Priez donc pour ma santé.
    Mahaut baissa le front.
    — Je vous servirai tant, mon
fils, dit-elle, que vous finirez par me rendre votre amour.
     

IV

« PUISQU’IL FAUT NOUS RÉSOUDRE À LA GUERRE…»
    Nul ne comprit, et surtout pas
Gaucher de Châtillon, le revirement de Philippe dans les affaires d’Artois. Le
régent, désavouant brusquement ses envoyés, déclara inacceptable la
conciliation qu’ils avaient préparée et exigea la rédaction de nouvelles
conventions plus favorables à Mahaut. Le résultat ne se fit pas attendre. Les
négociations furent rompues et ceux qui les menaient du côté artésien,
représentant l’élément modéré de la noblesse, rejoignirent aussitôt le clan des
violents. Leur indignation était extrême ; le connétable les avait
vilainement joués ; la force en vérité était le seul recours. Le comte
Robert triomphait.
    — Vous avais-je assez dit qu’on
ne pouvait s’accorder avec ces félons ? répétait-il à chacun.
    Suivi de son armée d’insurgés, il
marcha de nouveau sur Arras. Gaucher, qui se trouvait dans la ville avec
seulement une petite escorte, n’eut que le temps de s’enfuir par la porte de
Péronne tandis que Robert, toutes bannières déployées et trompettes sonnantes,
entrait par la porte de Saint-Omer.

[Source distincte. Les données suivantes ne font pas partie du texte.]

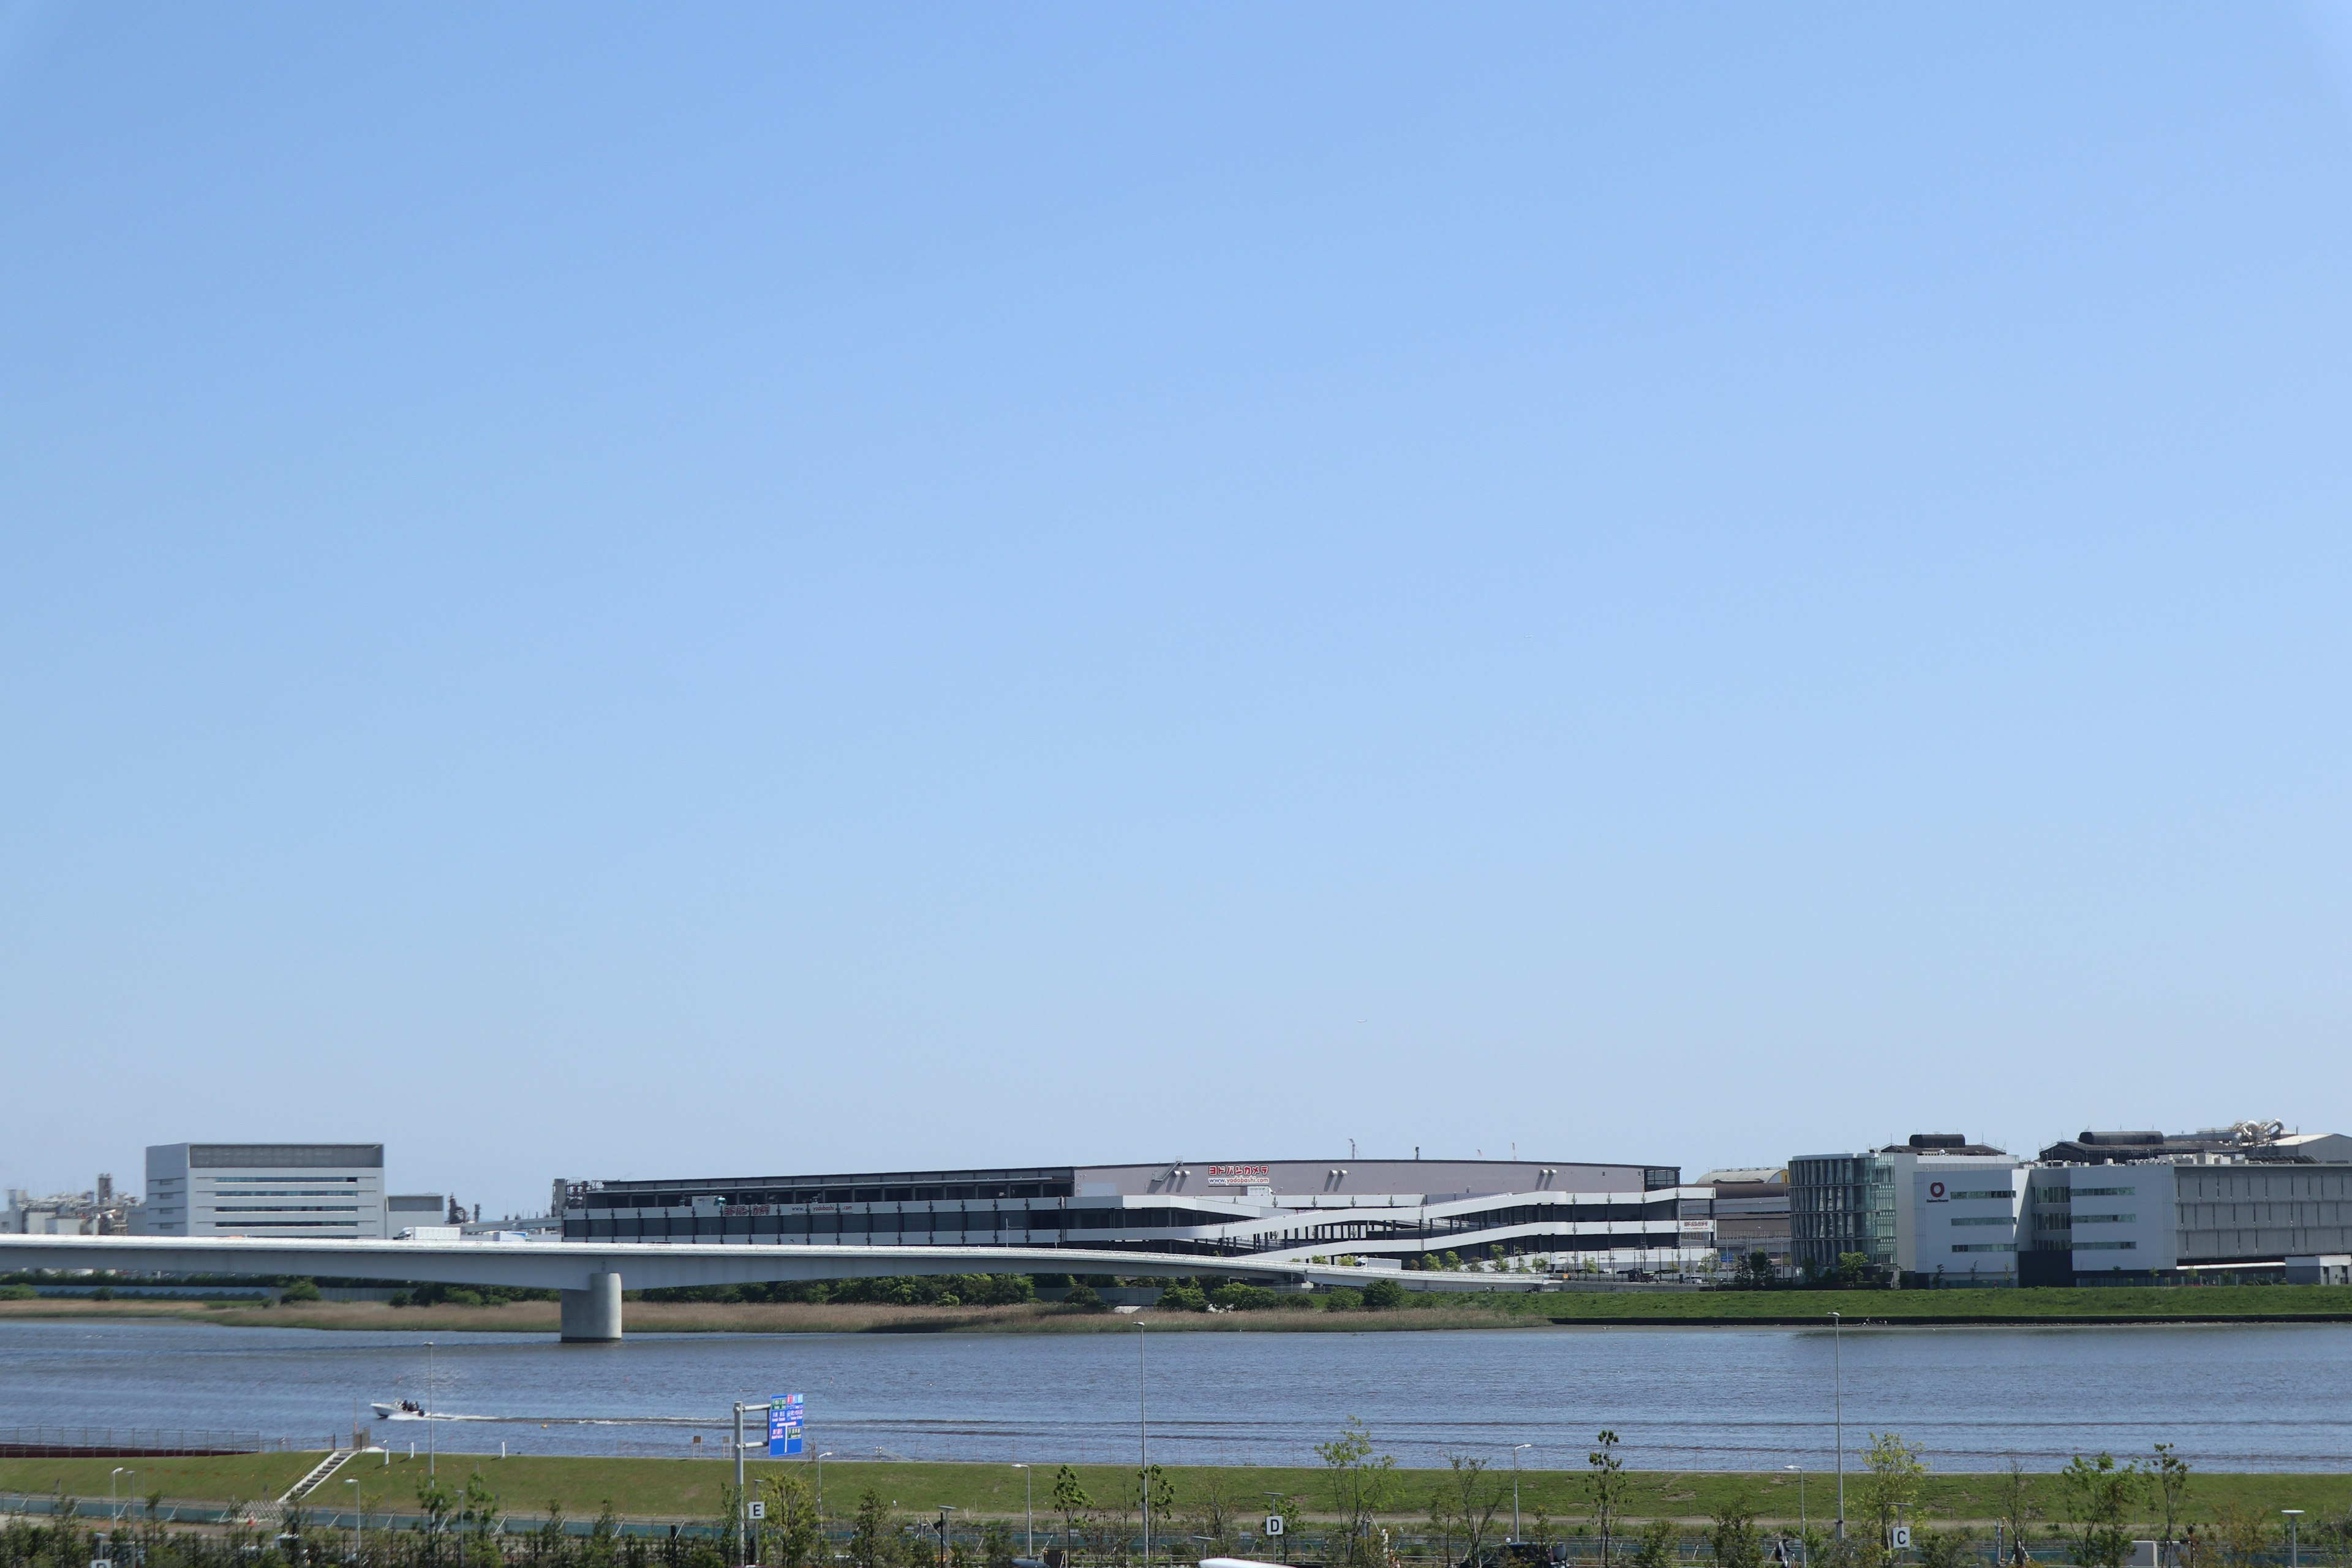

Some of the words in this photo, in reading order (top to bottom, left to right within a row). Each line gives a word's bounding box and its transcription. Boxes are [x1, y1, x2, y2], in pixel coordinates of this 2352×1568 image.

Il s’en fallut d’un quart d’heure que le
connétable de France ne fût fait prisonnier. Cette aventure se passait le 22
septembre. Le jour même, Robert adressait à sa tante la lettre suivante :
    « À très haute et très noble
dame Mahaut d’Artois, comtesse de Bourgogne, Robert d’Artois, chevalier. Comme
vous avez empêché à tort mon droit de la comté d’Artois, dont moult me noise et
à tous les jours me pèse, laquelle chose je ne puis ni ne veux plus souffrir,
ci vous fais savoir que j’y vais mettre ordre et recouvrer mon bien le plus tôt
que je pourrai. »
    Robert n’était pas grand
épistolier ; les nuances de finesse n’étaient pas son fort, et il était
très satisfait de cette épître, parce qu’elle exprimait bien ce qu’il voulait
dire.
    Le connétable, lorsqu’il parvint à
Paris, n’avait pas trop aimable figure, et lui non plus ne mâcha pas ses mots
au comte de Poitiers. La personne du régent ne l’intimidait pas ; il avait
vu ce jeune homme naître et mouiller ses langes ; il le lui dit tout
droit, en ajoutant que c’était faire mauvais usage d’un bon serviteur et d’un fidèle
parent qui comptait vingt ans de commandement des armées du royaume, que de
l’envoyer traiter sur des assurances qu’on reniait ensuite.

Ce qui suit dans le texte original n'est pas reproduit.